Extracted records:
>>

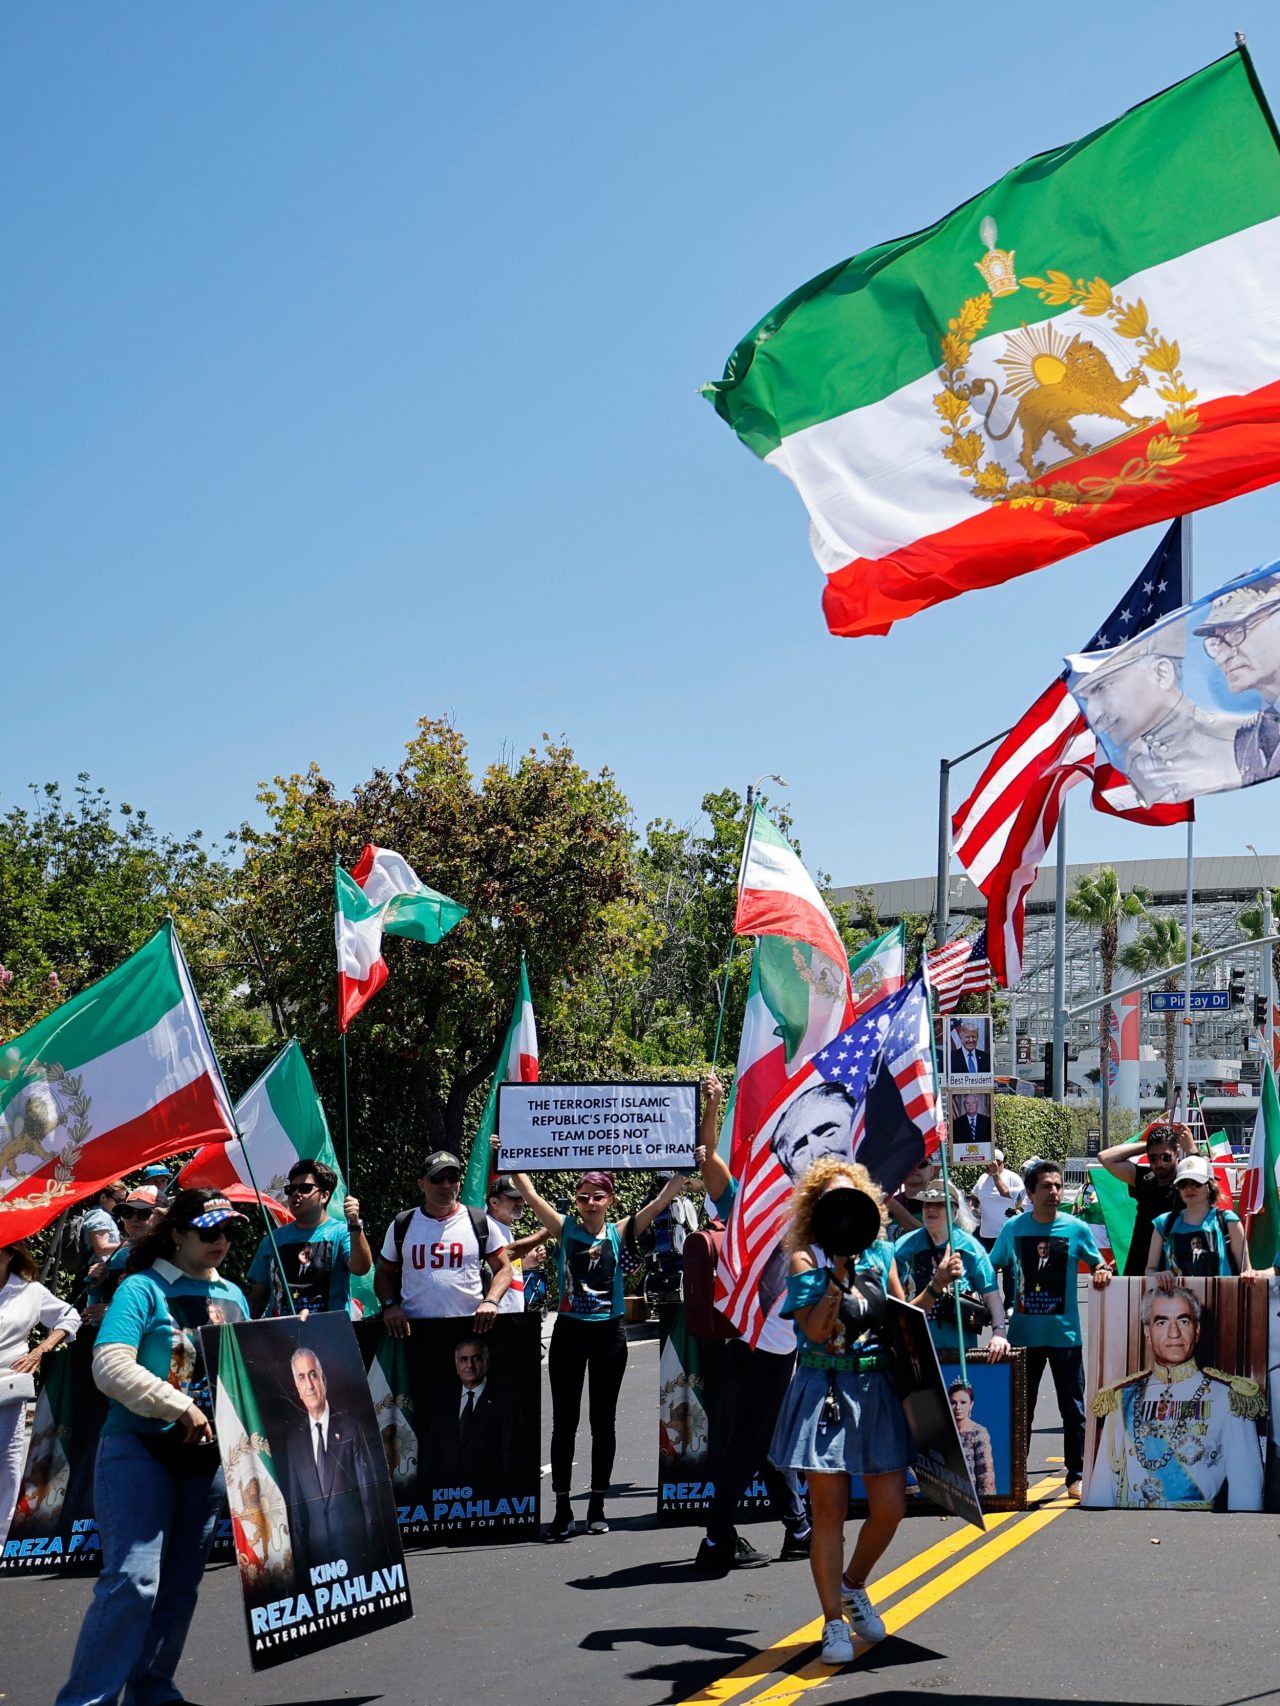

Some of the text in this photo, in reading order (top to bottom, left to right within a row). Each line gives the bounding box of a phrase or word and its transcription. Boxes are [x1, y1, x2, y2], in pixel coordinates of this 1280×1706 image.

[1170, 996, 1226, 1008] Pincay Dr
[950, 1076, 963, 1085] Best
[964, 1075, 992, 1085] President
[527, 1097, 671, 1111] THE TERRORIST ISLAMIC
[532, 1113, 666, 1126] REPUBLIC'S FOOTBALL
[551, 1128, 650, 1141] TEAM DOES NOT
[501, 1143, 695, 1159] REPRESENT THE PEOPLE OF IRAN
[411, 1242, 464, 1270] USA
[432, 1486, 473, 1501] KING
[662, 1481, 715, 1500] REZA
[396, 1496, 536, 1524] ZA PAHLAVI
[756, 1499, 771, 1507] FO
[403, 1516, 535, 1533] RNATIVE FOR IRAN
[3, 1536, 63, 1558] REZA
[0, 1553, 96, 1568] ALTERNATIVE
[309, 1559, 348, 1586] KING
[250, 1564, 405, 1635] REZA PAHLAVI
[255, 1592, 407, 1651] ALTERNATIVE FOR IRAN

<<

§ **TASK**
Extract all the entries word for word; omit any pictures.

§ **ANSWER FOR THE TASK**
Some of the text in this photo, in reading order (top to bottom, left to right within a row). Each line gives the bounding box of a phrase or word and its transcription. Boxes are [x1, y1, x2, y2], in pixel coordinates of this 1280×1706 image.

[1170, 996, 1226, 1008] Pincay Dr
[950, 1076, 963, 1085] Best
[964, 1075, 992, 1085] President
[527, 1097, 671, 1111] THE TERRORIST ISLAMIC
[532, 1113, 666, 1126] REPUBLIC'S FOOTBALL
[551, 1128, 650, 1141] TEAM DOES NOT
[501, 1143, 695, 1159] REPRESENT THE PEOPLE OF IRAN
[411, 1242, 464, 1270] USA
[432, 1486, 473, 1501] KING
[662, 1481, 715, 1500] REZA
[396, 1496, 536, 1524] ZA PAHLAVI
[756, 1499, 771, 1507] FO
[403, 1516, 535, 1533] RNATIVE FOR IRAN
[3, 1536, 63, 1558] REZA
[0, 1553, 96, 1568] ALTERNATIVE
[309, 1559, 348, 1586] KING
[250, 1564, 405, 1635] REZA PAHLAVI
[255, 1592, 407, 1651] ALTERNATIVE FOR IRAN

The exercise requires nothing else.